Thursday, October 7, 2021

Delayed Reaction: Reminiscence

Premise: In a SciFi future, a man who controls a machine that lets him see people's memories tries to track down a woman he fell in love with who disappears.

 


It's hard to argue with what every critic is saying about this movie. Good luck watching this movie and not thinking about the movies it reminds you of. It's got some Blade Runner in it. Inception, Vanilla Sky, Eternal Sunshine of the Spotless Mind, Minority Report, Waterworld, Chinatown, and virtually any filmnoir. Director Lisa Joy is unsurprisingly a showrunner on Westworld. I'd love to view this movie on its own terms, but I can't do it. It's not a sin either to use other films for inspiration. Everything is a little derivative.

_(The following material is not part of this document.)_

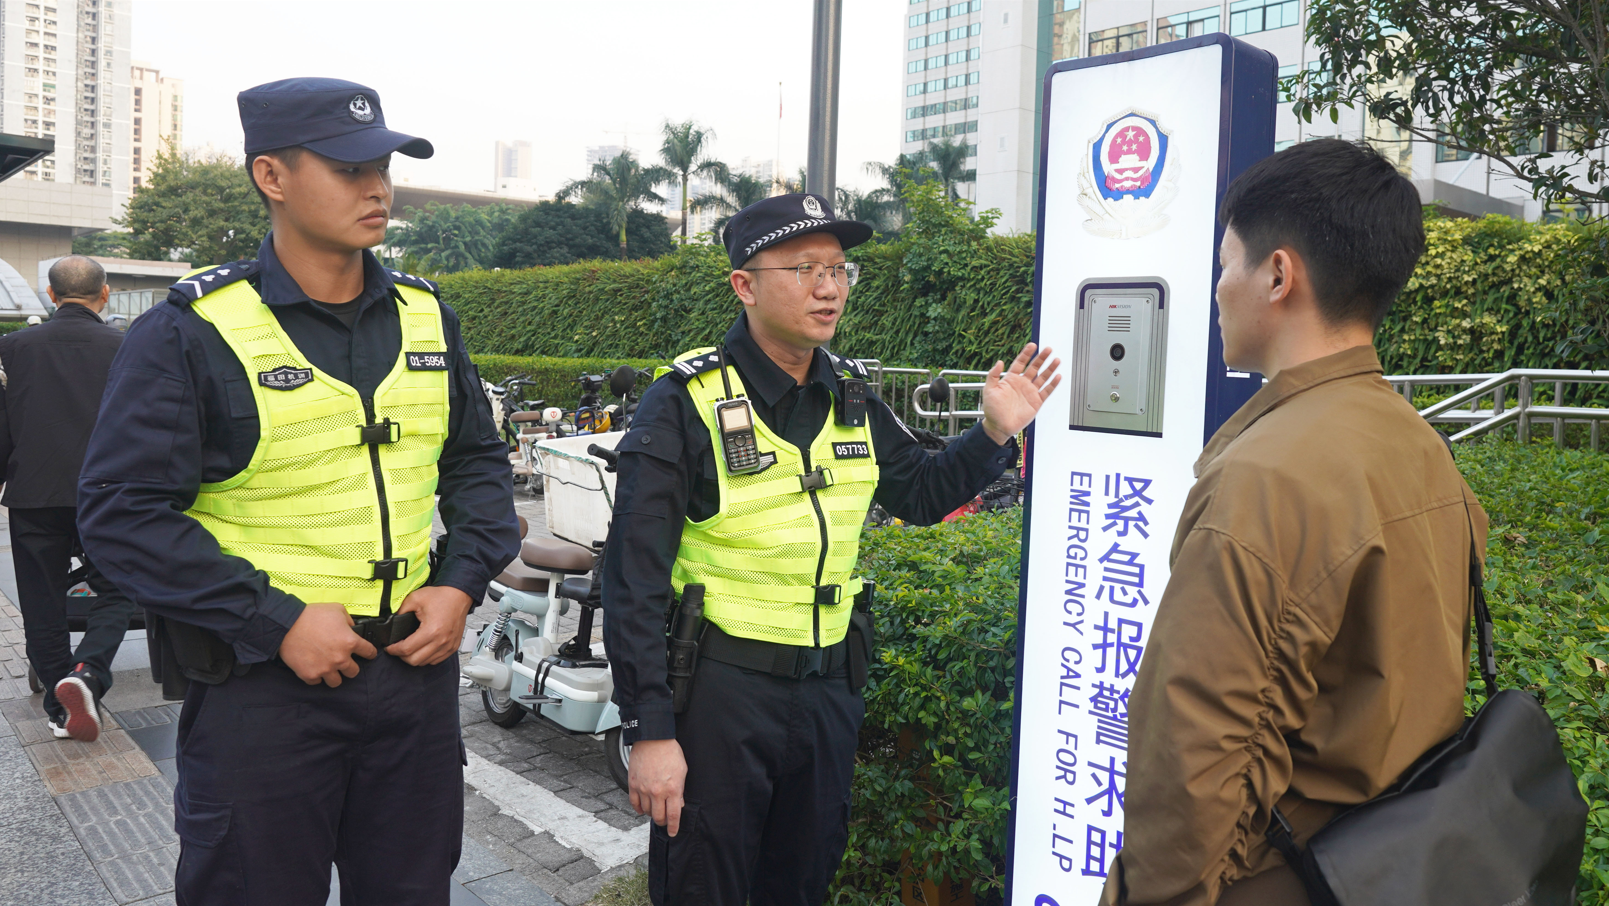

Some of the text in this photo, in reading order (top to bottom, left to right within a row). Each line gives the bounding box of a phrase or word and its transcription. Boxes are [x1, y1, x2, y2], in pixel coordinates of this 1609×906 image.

[410, 355, 446, 367] 01-5954
[836, 444, 868, 456] 057733
[1051, 470, 1093, 873] EMERGENCY CALL FOR HLP

That's exactly the point I make with the Formulas at the beginning of my Movie Reactions. However, Reminiscence is in that subcategory of derivative where I just want to watch another movie the whole time.

 

The idea for the movie is ambitious and intriguing. Filmnoir applied to any other genre is fun to watch. Actually, being able to relive memories is a frightening future that feels more inevitable than fanciful. Using those memories as clues is a nice twist.

 

Where the movie loses me is the romance. For this movie to work, I have to believe in Hugh Jackman and Rebecca Ferguson's relationship. The flashbacks must justify the obsession. Yes, Ferguson is stunning but she's an enigma the whole time. Then it throws in the wrench that much of their attraction was a ruse put on by her. So, I'm left questioning how many of the memories which were already only mildly effective were even real for her.

 

Unsurprisingly for someone involved with Westworld, the whole thing gets pretty convoluted. Ferguson is involved in a whole criminal underworld. There are crooked cops, mistresses, inherited fortunes, and the entire societal structure at stake. In addition to being a highly skilled technician of this memory machine, Hugh Jackman and his partner, Thandie Newton, are badass soldiers. I get how this can be sold at the pitch level. It's got romance, action, and mystery with attractive stars. It's from a co-creator of a successful HBO series that regularly juggles dense topics (not well, in my opinion, but whatever). It just doesn't succeed at enough of the things it promises.